## Task prompt
Word for word, reproduce all entries below, leaving every picture out.

Data to process Start Marker

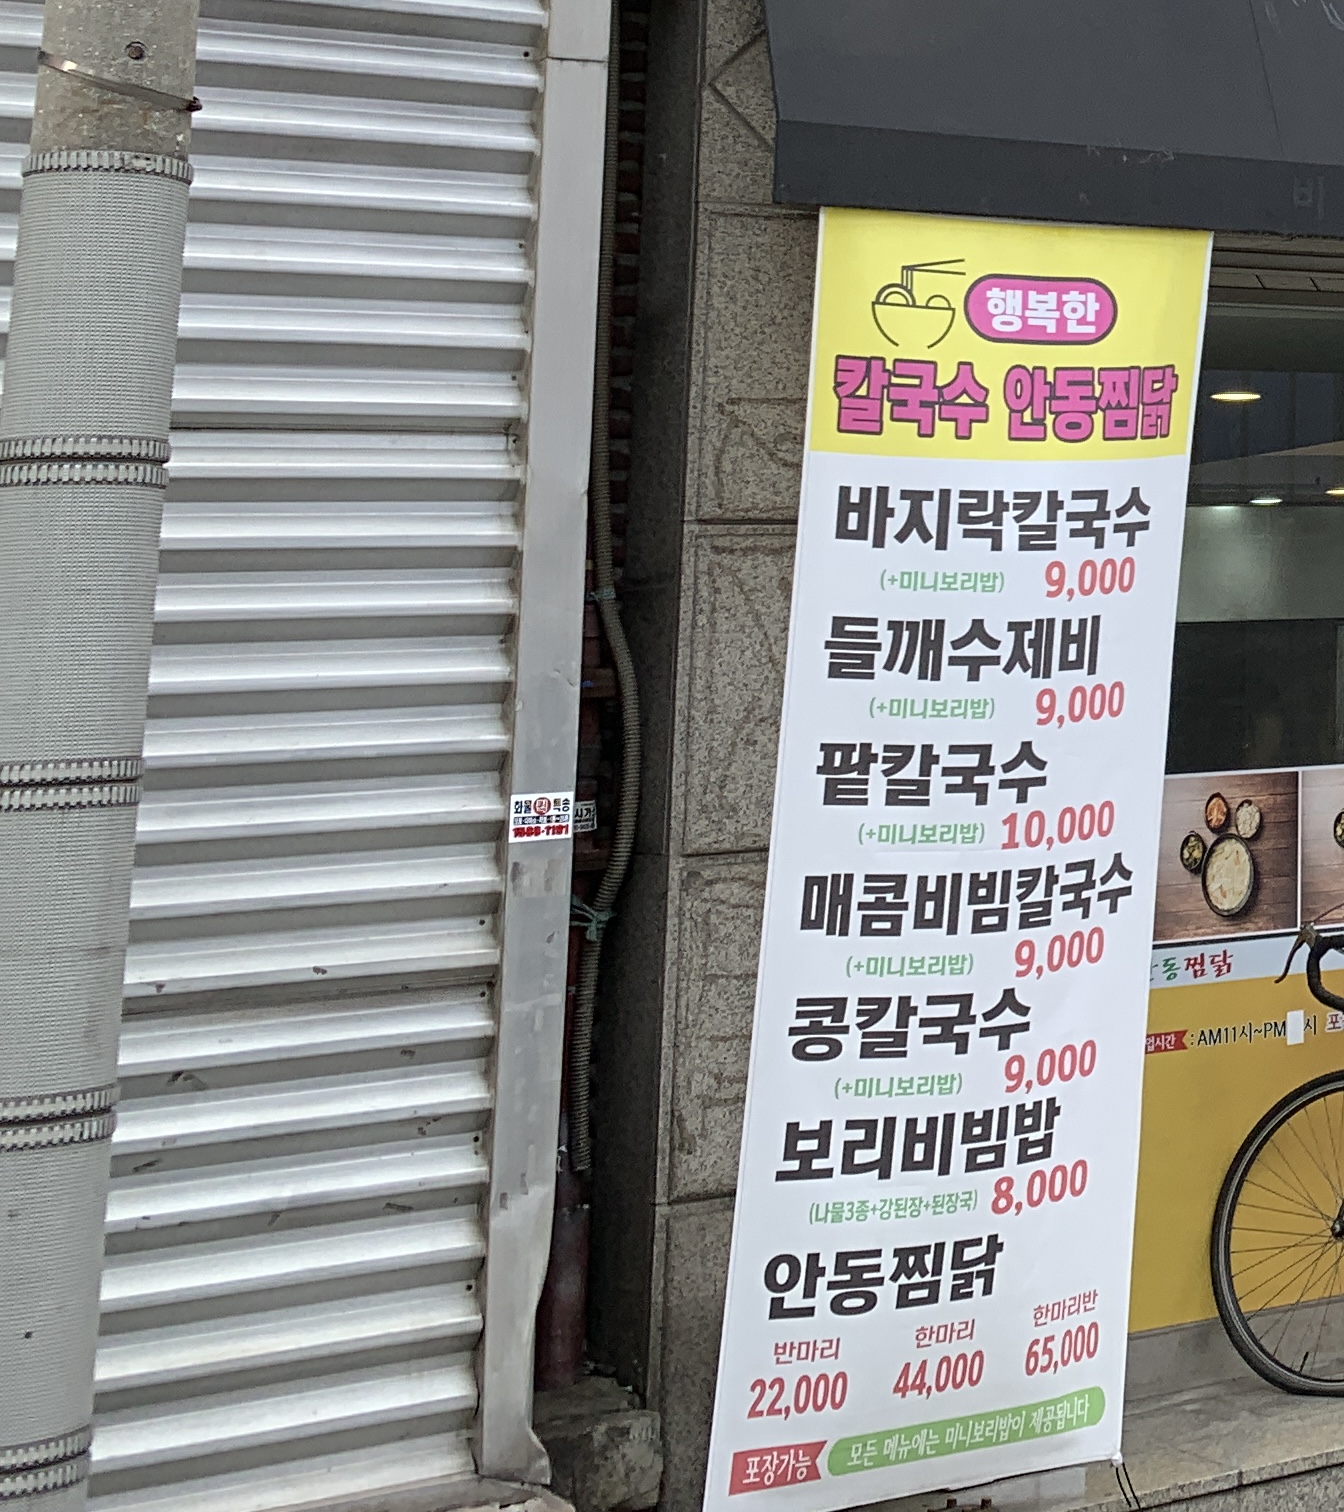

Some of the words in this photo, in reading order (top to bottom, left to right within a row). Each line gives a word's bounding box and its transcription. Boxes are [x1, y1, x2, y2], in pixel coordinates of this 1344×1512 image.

[986, 287, 1099, 335] 행복한
[834, 355, 989, 438] 칼국수
[1003, 365, 1178, 442] 안동찜닭
[834, 485, 1152, 552] 바지락칼국수
[879, 568, 1005, 594] (+미니보리밥)
[1044, 557, 1136, 601] 9,000
[824, 615, 1101, 682] 들깨수제비
[869, 696, 996, 722] (+미니보리밥)
[1035, 681, 1126, 728] 9,000
[816, 740, 1049, 807] 팥칼국수
[858, 822, 986, 847] (+미니보리밥)
[1001, 800, 1116, 851] 10,000
[800, 852, 1134, 938] 매콤비빔칼국수
[846, 952, 975, 979] (+미니보리밥)
[1014, 926, 1104, 979] 9,000
[1150, 949, 1233, 981] 동찜닭
[788, 987, 1032, 1062] 콩칼국수
[834, 1072, 963, 1100] (+미니보리밥)
[1004, 1040, 1097, 1094] 9,000
[774, 1097, 1062, 1182] 보리비빔밥
[809, 1189, 979, 1225] (나물3종+강된장+된장국)
[990, 1159, 1089, 1215] 8,000
[763, 1233, 1005, 1320] 안동찜닭
[773, 1337, 841, 1364] 반마리
[915, 1319, 975, 1349] 한마리
[1033, 1289, 1099, 1327] 한마리반
[747, 1370, 848, 1420] 22,000
[892, 1349, 985, 1399] 44,000
[1024, 1321, 1100, 1376] 65,000
[846, 1442, 877, 1467] 모든
[883, 1430, 941, 1461] 메뉴에는
[944, 1415, 1025, 1446] 미니보리밥이
[1029, 1393, 1091, 1433] 제공됩니다
[742, 1452, 812, 1485] 포장가능
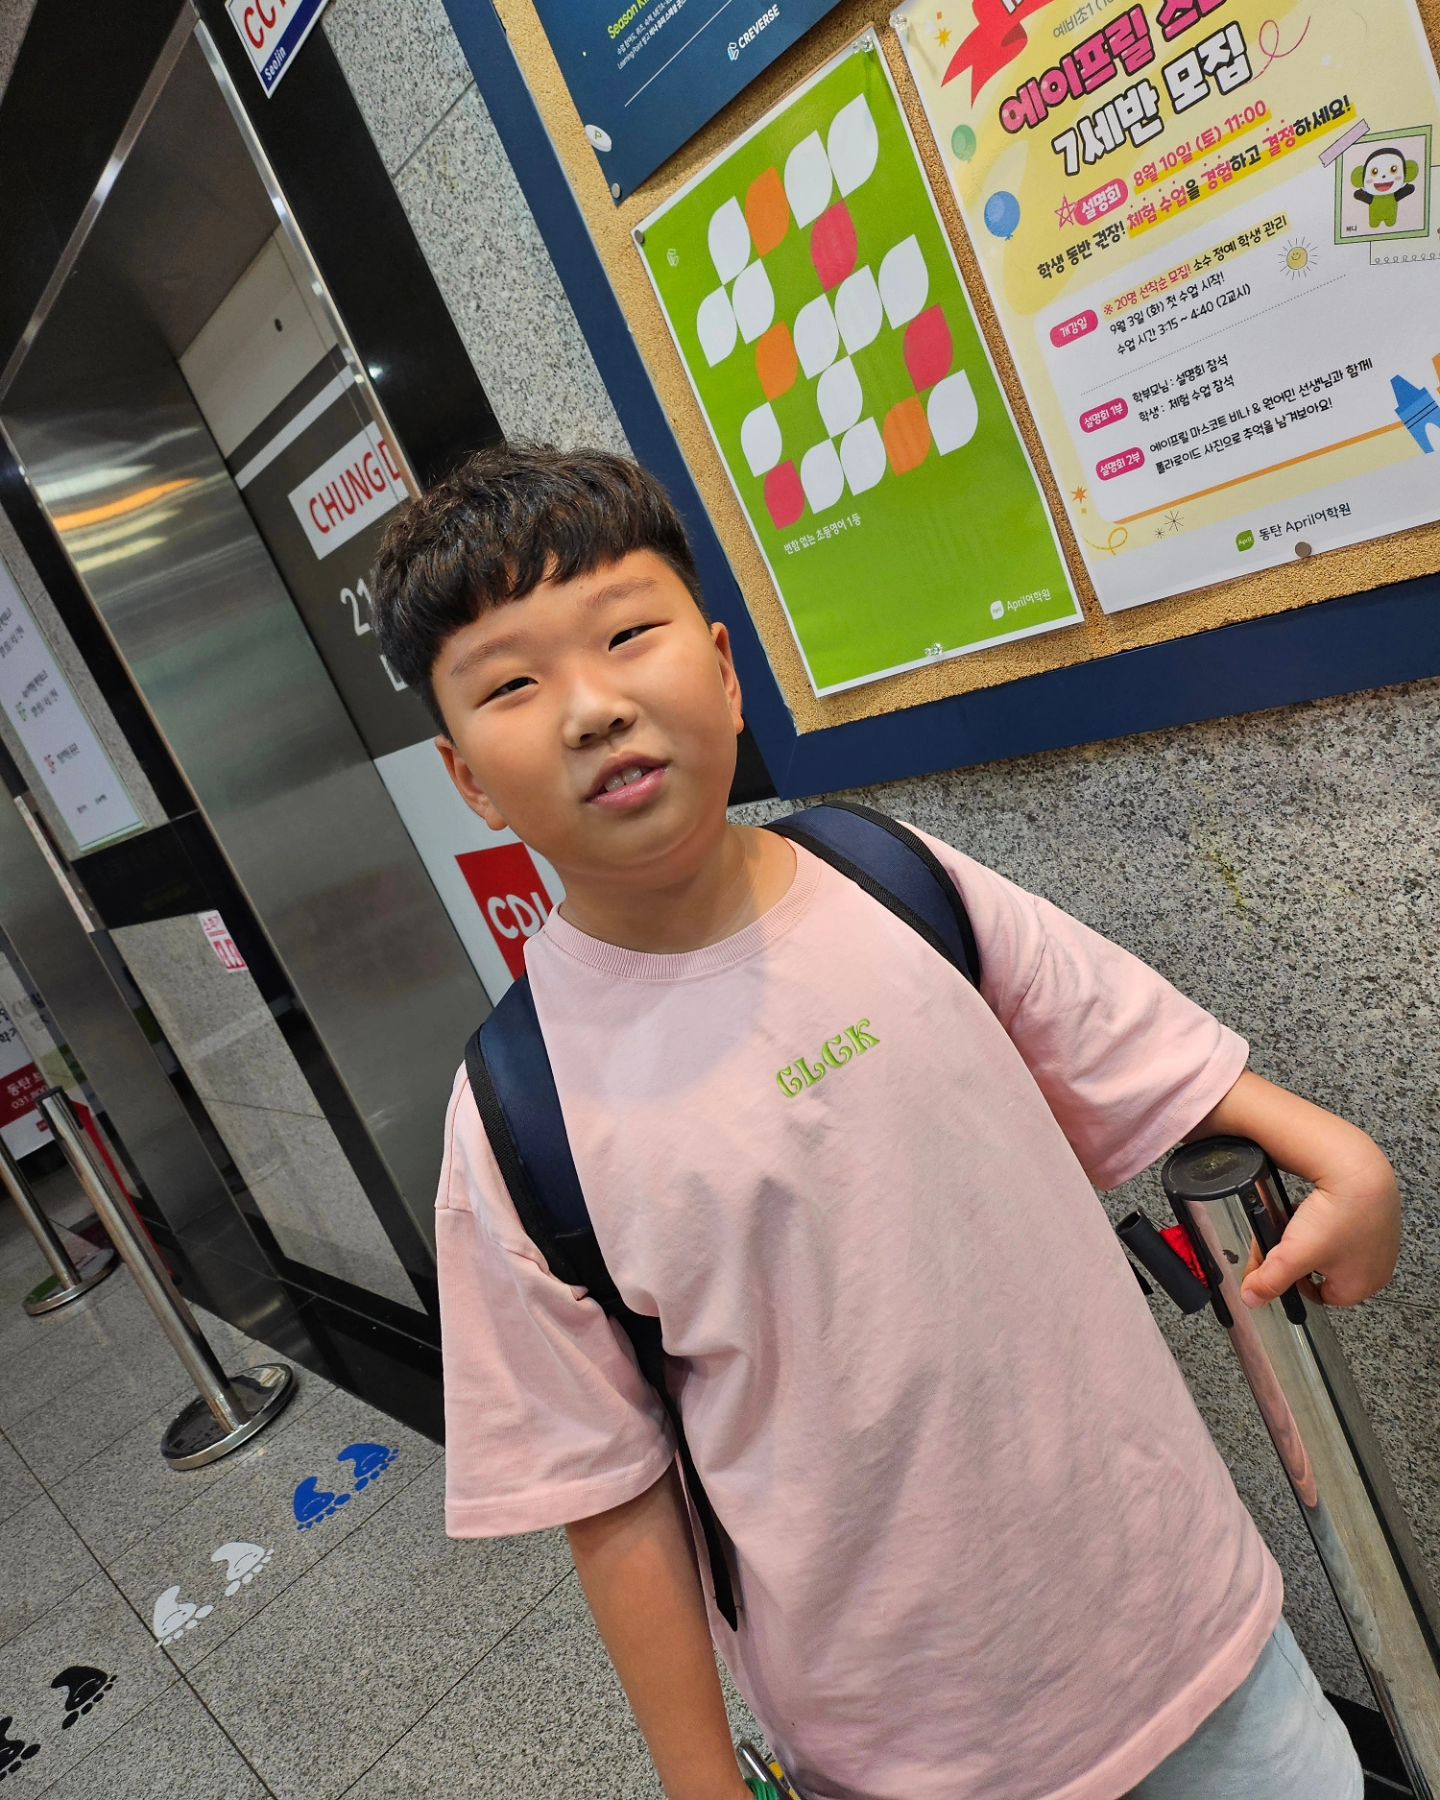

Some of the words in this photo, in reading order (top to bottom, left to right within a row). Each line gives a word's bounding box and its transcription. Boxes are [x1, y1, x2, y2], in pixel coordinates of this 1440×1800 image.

Data to process End Marker

## Reply to the exercise
Some of the words in this photo, in reading order (top to bottom, left to right within a row). Each line gives a word's bounding box and its transcription. Boxes are [x1, y1, x2, y2], in pixel coordinates of this 1344×1512 image.

[986, 287, 1099, 335] 행복한
[834, 355, 989, 438] 칼국수
[1003, 365, 1178, 442] 안동찜닭
[834, 485, 1152, 552] 바지락칼국수
[879, 568, 1005, 594] (+미니보리밥)
[1044, 557, 1136, 601] 9,000
[824, 615, 1101, 682] 들깨수제비
[869, 696, 996, 722] (+미니보리밥)
[1035, 681, 1126, 728] 9,000
[816, 740, 1049, 807] 팥칼국수
[858, 822, 986, 847] (+미니보리밥)
[1001, 800, 1116, 851] 10,000
[800, 852, 1134, 938] 매콤비빔칼국수
[846, 952, 975, 979] (+미니보리밥)
[1014, 926, 1104, 979] 9,000
[1150, 949, 1233, 981] 동찜닭
[788, 987, 1032, 1062] 콩칼국수
[834, 1072, 963, 1100] (+미니보리밥)
[1004, 1040, 1097, 1094] 9,000
[774, 1097, 1062, 1182] 보리비빔밥
[809, 1189, 979, 1225] (나물3종+강된장+된장국)
[990, 1159, 1089, 1215] 8,000
[763, 1233, 1005, 1320] 안동찜닭
[773, 1337, 841, 1364] 반마리
[915, 1319, 975, 1349] 한마리
[1033, 1289, 1099, 1327] 한마리반
[747, 1370, 848, 1420] 22,000
[892, 1349, 985, 1399] 44,000
[1024, 1321, 1100, 1376] 65,000
[846, 1442, 877, 1467] 모든
[883, 1430, 941, 1461] 메뉴에는
[944, 1415, 1025, 1446] 미니보리밥이
[1029, 1393, 1091, 1433] 제공됩니다
[742, 1452, 812, 1485] 포장가능

Some of the words in this photo, in reading order (top to bottom, left to right within a row). Each line gives a word's bounding box and its transcription. Boxes are [x1, y1, x2, y2], in pixel coordinates of this 1440×1800 image.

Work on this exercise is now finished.